In 1996, 30 firms announced U.S. layoffs of between 2,800 and 48,640 workers. Our analysis of these leading job-cutters reveals that their top executives, for the most part, were handsomely rewarded for wielding the axe.


1. Layoff Leaders Get Massive Compensation Hike
In 1996, the layoff leaders enjoyed an average increase in total direct compensation (including salary, bonus, and long-term compensation) of 67.3 percent--far above the average increase of 54 percent for executives at the top 365 U.S. firms. Most of the job-cutters' increased earnings came in the form of gains from stock options, reflecting the continued trend on Wall Street to reward downsizers. In salary and bonuses, the layoff leaders received a 22 percent raise, which placed them far ahead of the average U.S. worker, who earned only a 3 percent raise in wages in 1996.

2. Enormous Wage Gap at Job-Cutting Firms
Of the 12 top job-cutting companies for which data were available, the average gap between the top executive's salary and bonus (not including stock options) and the wage of the lowest-paid full-time worker was 178 to 1.

3. Efforts to Control Excessive Pay are Gaining Strength
A national coalition of community, labor, and business organizations is working to eliminate the massive loophole that presently allows corporations to deduct excessive salaries from their taxes. One proposed law, the Income Equity Act (H.R. 687), would prohibit corporate tax deductions on salary and bonuses that exceed 25 times the wage of a firm's lowest-paid full-time worker. This "CEO Subsidy" costs U.S. taxpayers billions. Capping the deduction for only the top two executives at the 365 U.S. firms surveyed in Business Week would generate over $514 million in increased revenue.

Executive Summary | Efforts to Close the Wage Gap | Corporate Self-Regulation | Government Policy | Investor Activism

Efforts to Close the Wage Gap

Corporate spokespersons are quick to argue that multi-million dollar compensation packages are good for business because they give top brass incentives to perform. Yet, at what point does the widening canyon between the rich and everybody else become so large that our social fabric starts to fray?
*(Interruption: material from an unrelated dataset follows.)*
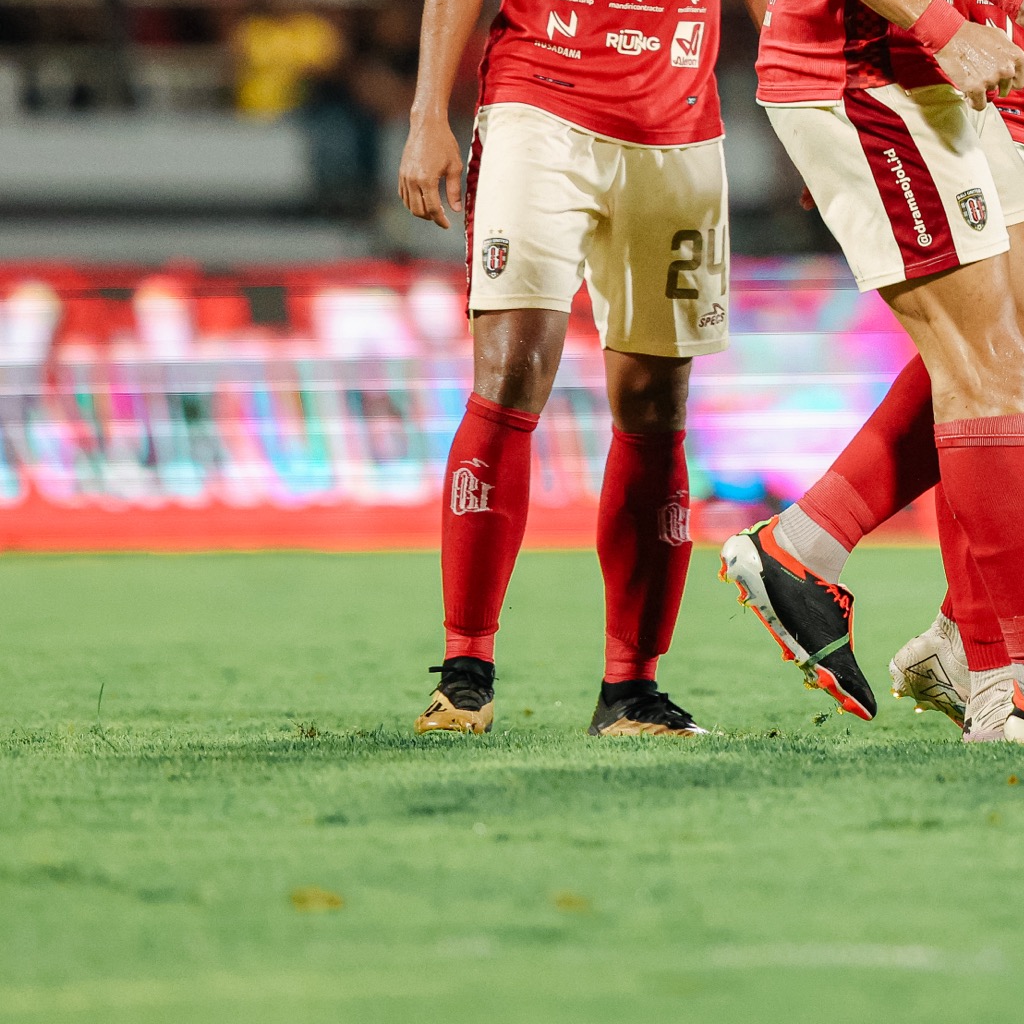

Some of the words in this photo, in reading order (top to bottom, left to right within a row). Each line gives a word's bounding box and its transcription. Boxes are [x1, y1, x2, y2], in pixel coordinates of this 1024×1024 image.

[608, 2, 665, 13] mandiricontractor
[665, 224, 729, 300] 24
[698, 312, 725, 327] SPECS
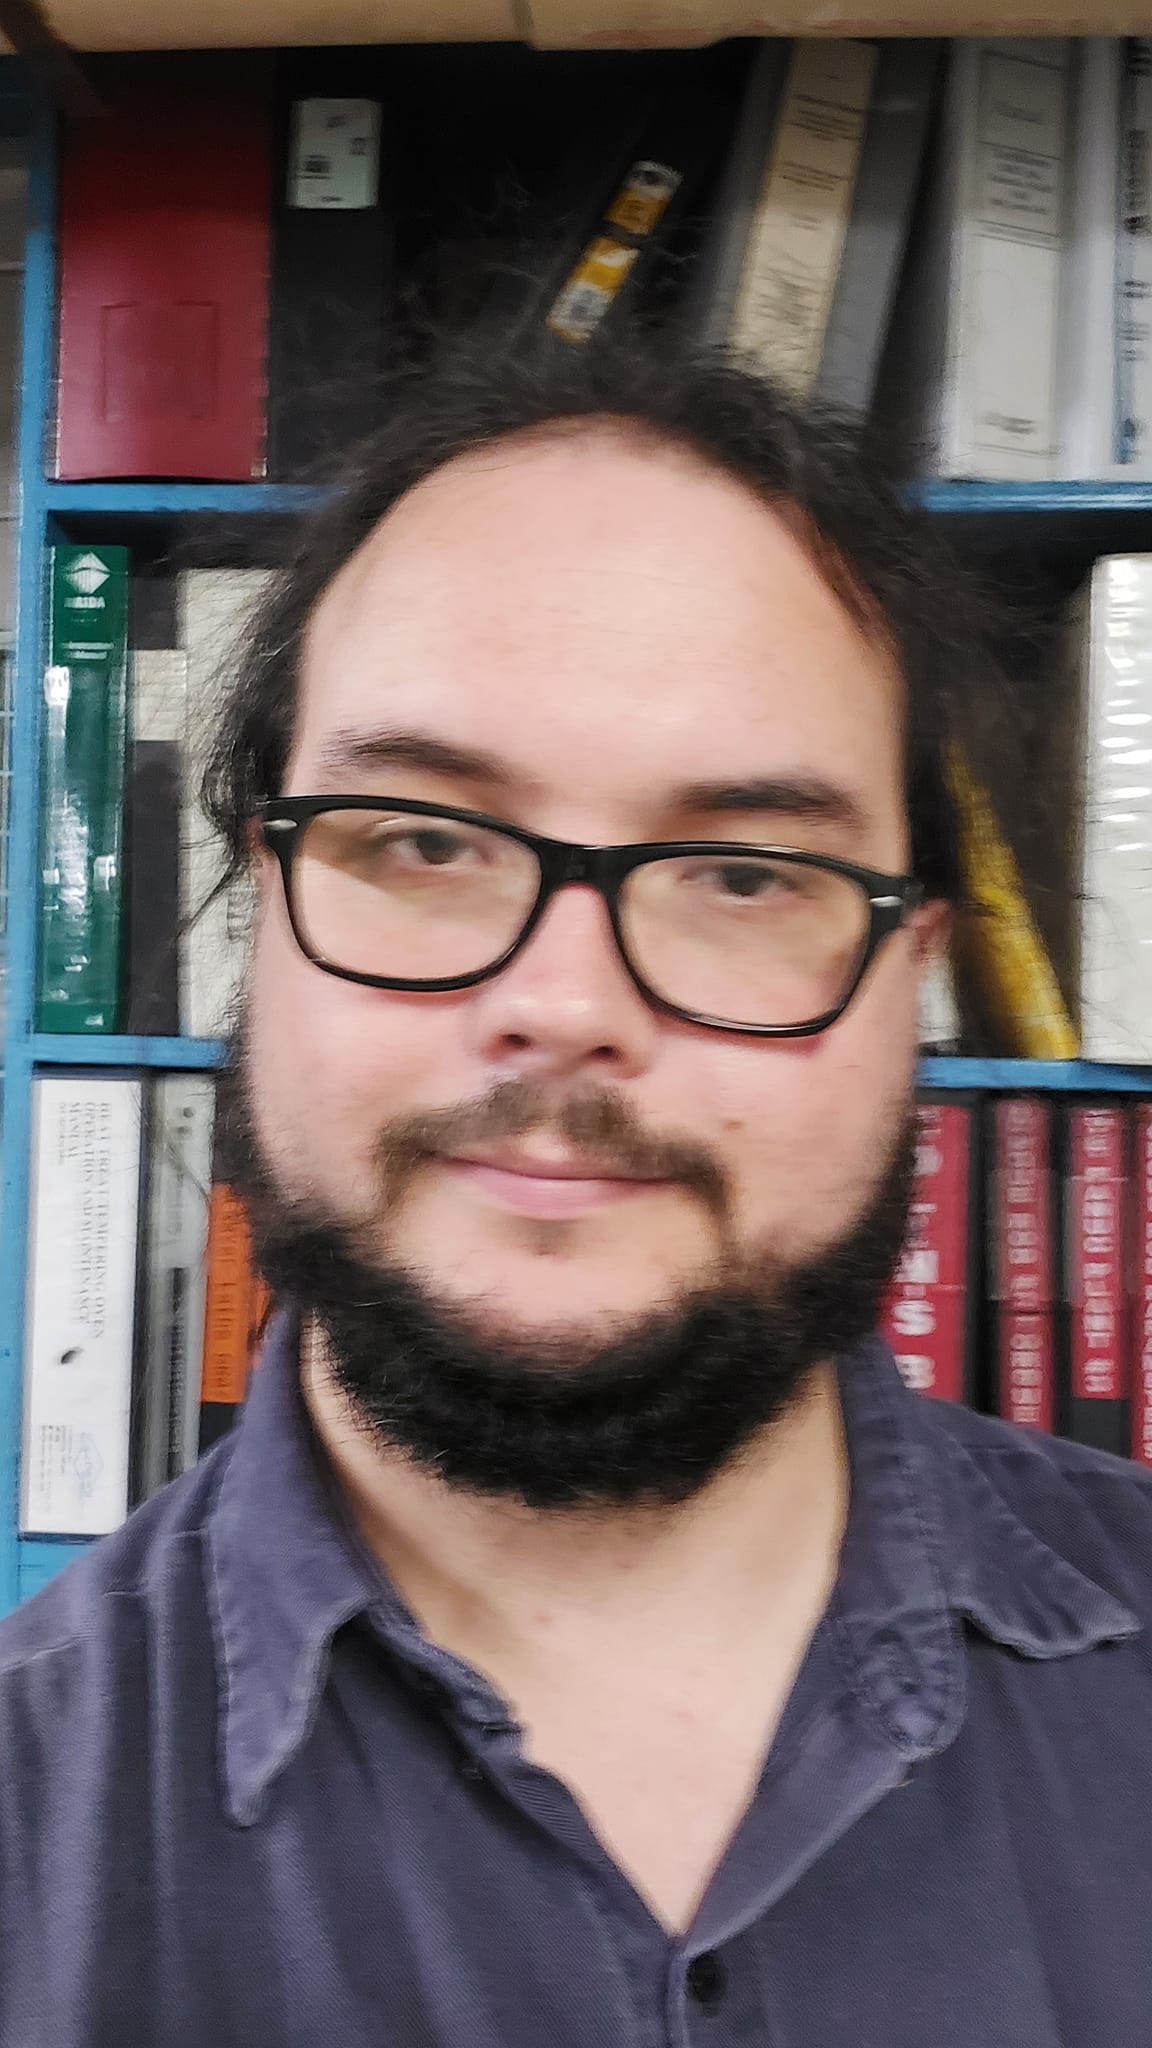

A growing number of business leaders are expressing alarm. Abraham Zaleznik, a retired Harvard Business School professor who heads or serves on compensation committees for four companies told The Wall Street Journal, "There is unease and disquiet and a sense of concern [about] when enough is enough. At some level, pay levels are obscene." (1)

It is interesting to note that other industrialized nations have significantly smaller income gaps between top and bottom, even though they are operating in the same global economy as the United States. Most European and Asian nations manage to hold pay ratios between top and average workers to less than 30 to one. (2)

This section describes an array of public and private policies that have been proposed to close the gap between top executives and those who work for them.

Executive Summary | Efforts to Close the Wage Gap | Corporate Self-Regulation | Government Policy | Investor Activism

Corporate Self-Regulation

Some U.S. companies do maintain a much smaller gap between workers and top executives. Since 1984, the Herman Miller Company, a Michigan-based office furniture maker, has limited top management salaries and bonuses to 20 times the average paycheck in the firm. The company's retired CEO Richard Rueh told The Wall Street Journal that "the way the CEO gets more compensation is if he can raise the average workers up. From a fairness standpoint, it seems like a good idea."

Herman Miller adopted a narrow pay ratio policy, says Board Chairman Max DePree, after consulting with Peter Drucker, possibly America's most distinguished management guru. A smaller compensation differential, Drucker advised, would strengthen the company's team culture and productivity.

"People have to think about the common good," notes Herman Miller's DePree. "Our CEO and senior officers make good competitive salaries when the performance is there." (3)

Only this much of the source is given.